Et bien sûr, les horribles viols de milliers d’enfants et d’adolescentes par des bandes d’hommes majoritairement pakistanais musulmans, qui ont eu lieu avec la participation de nombreuses forces de police, dont certaines ont ignoré leurs horribles plaintes et les ont qualifiées de « salauds ». Les filles blanches de la classe ouvrière sont des salopes, les garçons blancs de la classe ouvrière sont des « copains » – mais ils ne comptent toujours pour rien lorsque l’occasion d’obtenir des points de brownie DEI se présente. Le fait que l'Islam soit la religion qui connaît la croissance la plus rapide au monde suggère que les flasques se détendent pour servir leurs maîtres les plus proches alors qu'ils voient le pouvoir de l'espèce fade et pâle décliner. Avec des loyautés aussi divergentes entre la « communauté queer » et l’islamisme, il serait amusant de voir quel parti ils prendraient si l’incident de 2006 se produisait, lorsque Sir Iqbal Sacranie avait considéré l’homosexualité comme un péché et avait rapidement fait l’objet d’une enquête policière.

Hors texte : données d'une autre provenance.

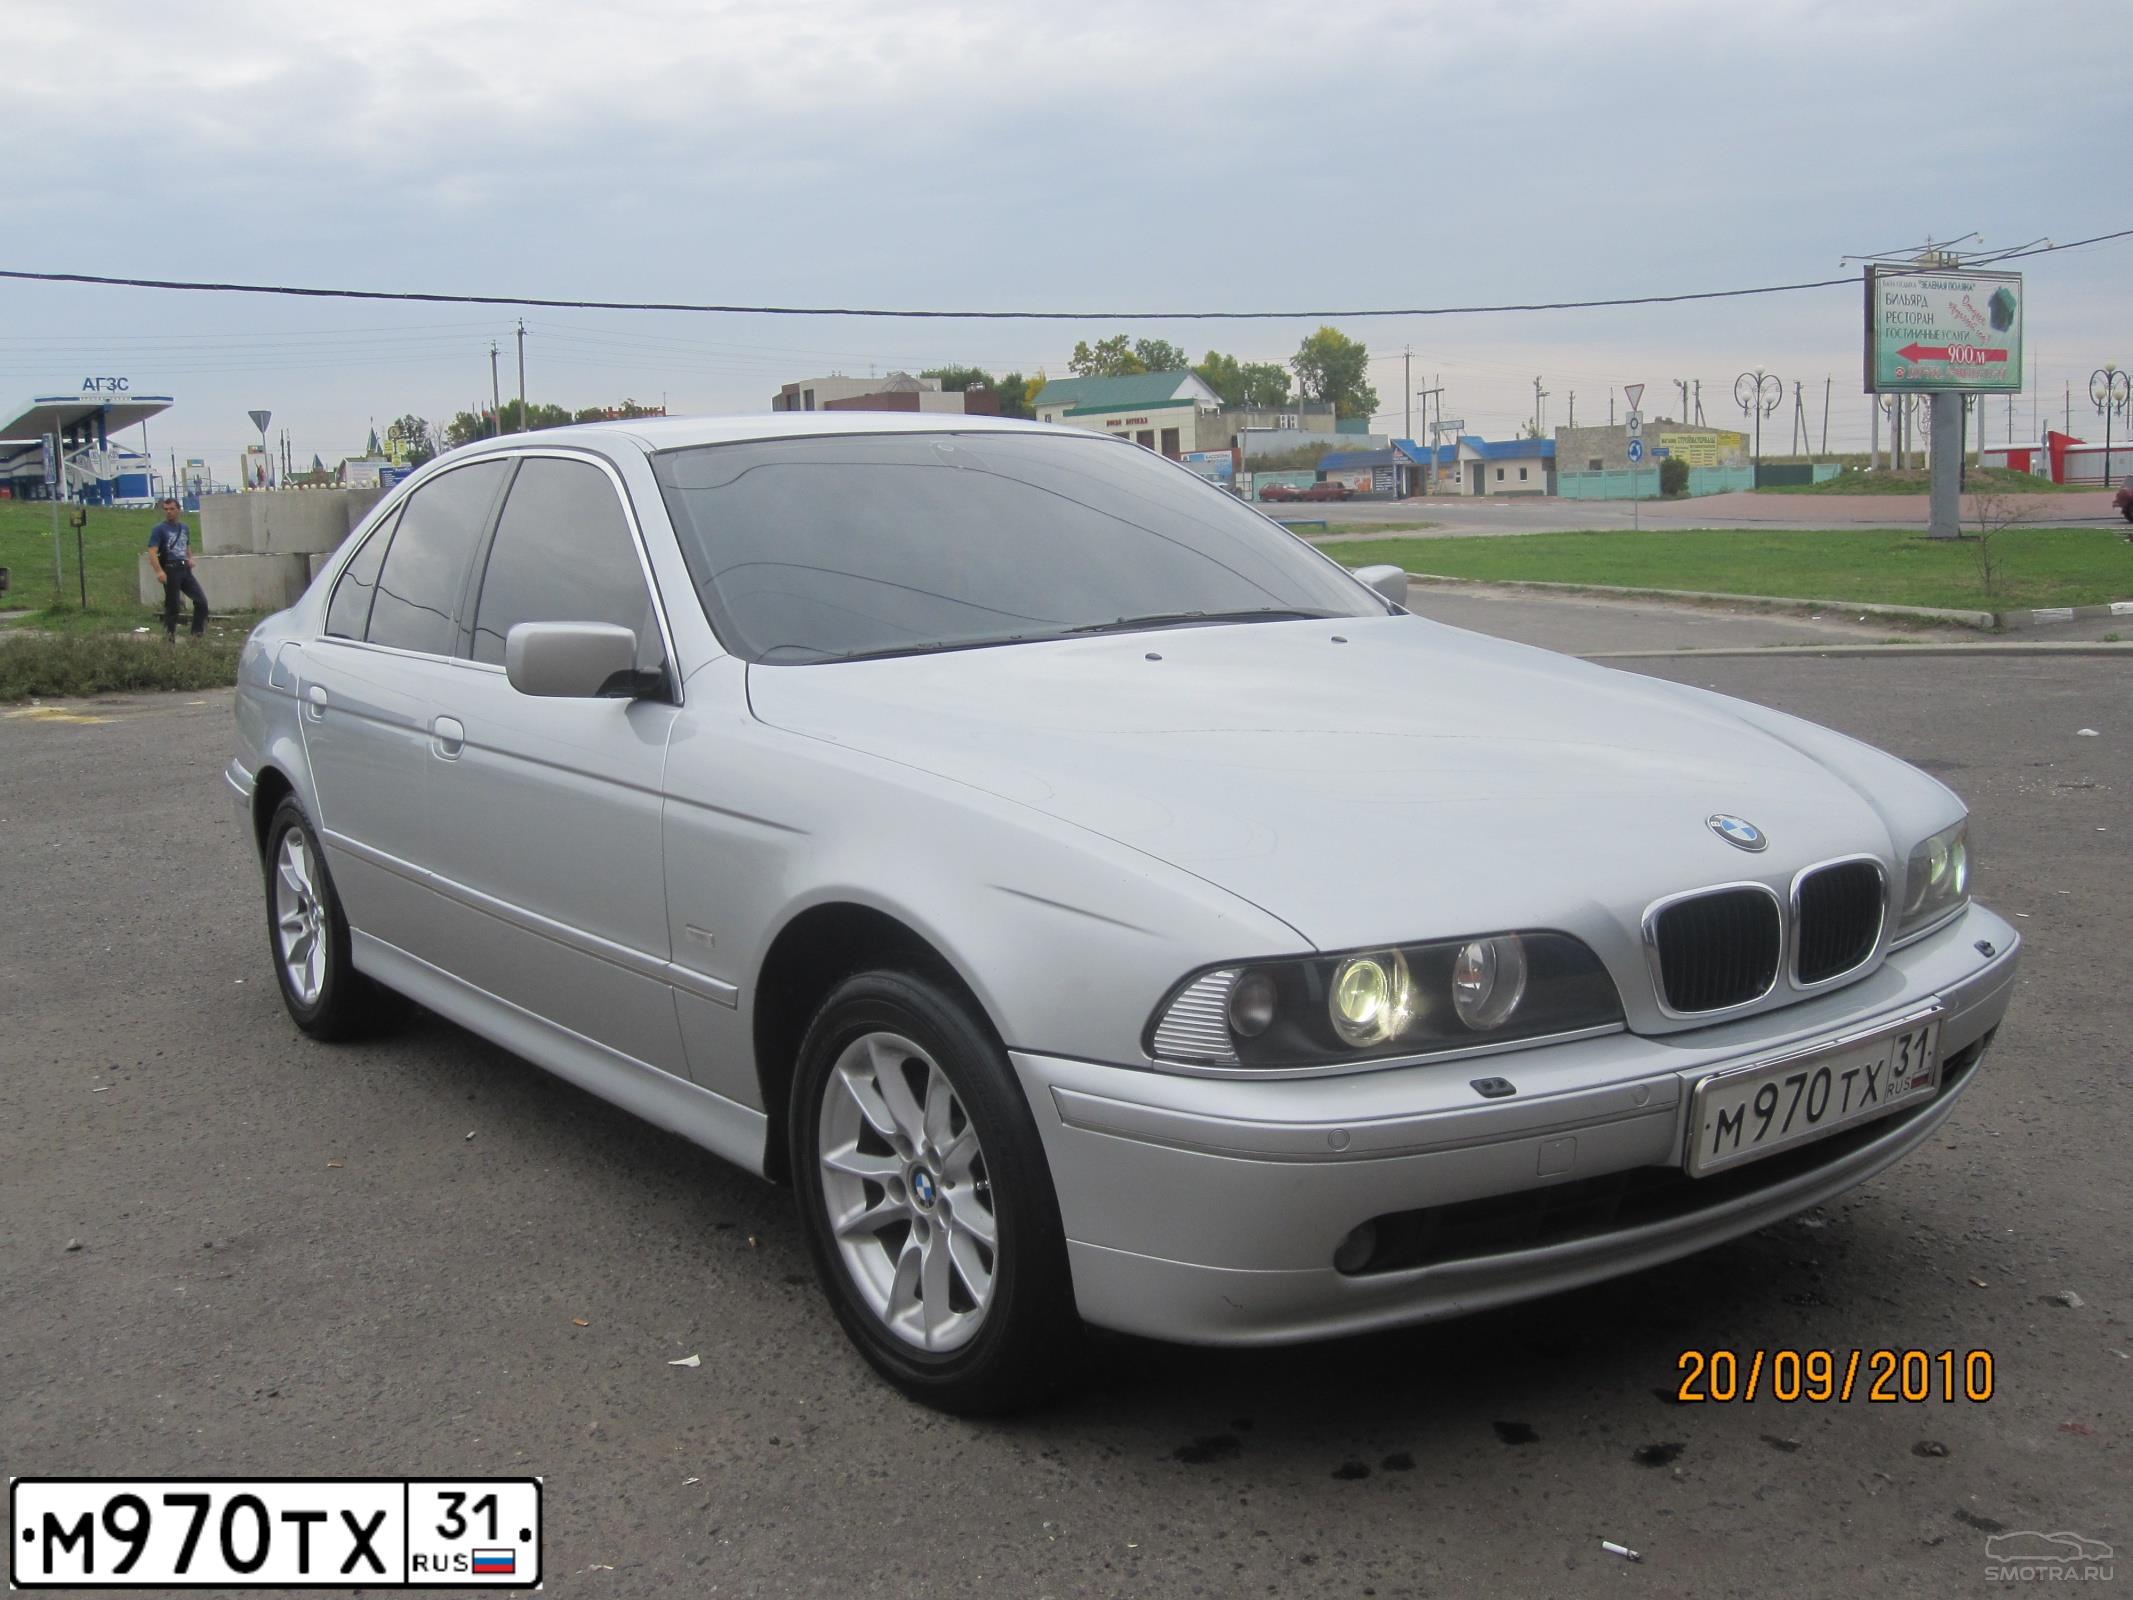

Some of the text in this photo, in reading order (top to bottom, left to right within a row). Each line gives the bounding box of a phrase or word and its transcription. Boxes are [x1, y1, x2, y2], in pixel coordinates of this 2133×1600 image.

Quel est le pire crime pouvant être commis en rapport avec la DEI ? Le juge qui a libéré les voyageurs violeurs de ces adolescents était en avance sur celui qui pourrait remporter un prix pour le comportement le plus méprisable au nom de l'amour fraternel. Mais ces policiers qui ont traité un jeune homme mourant comme un menteur au nom de la lutte contre le racisme sont peut-être encore pires – et l’appeler « mon pote » était un baiser de chef d’une totale dégradation morale de la part de ceux qui auraient dû l’aider. Mais peu importe, il y aura certainement quelque chose de pire que cela à une courte distance. Danse macabre La politique identitaire nous conduit vers quelque chose qui ressemble beaucoup à une guerre civile.
Julie Burchill est un poivré Journaliste. Suivez sa sous-pile « Notes de la Naughty Step » ici.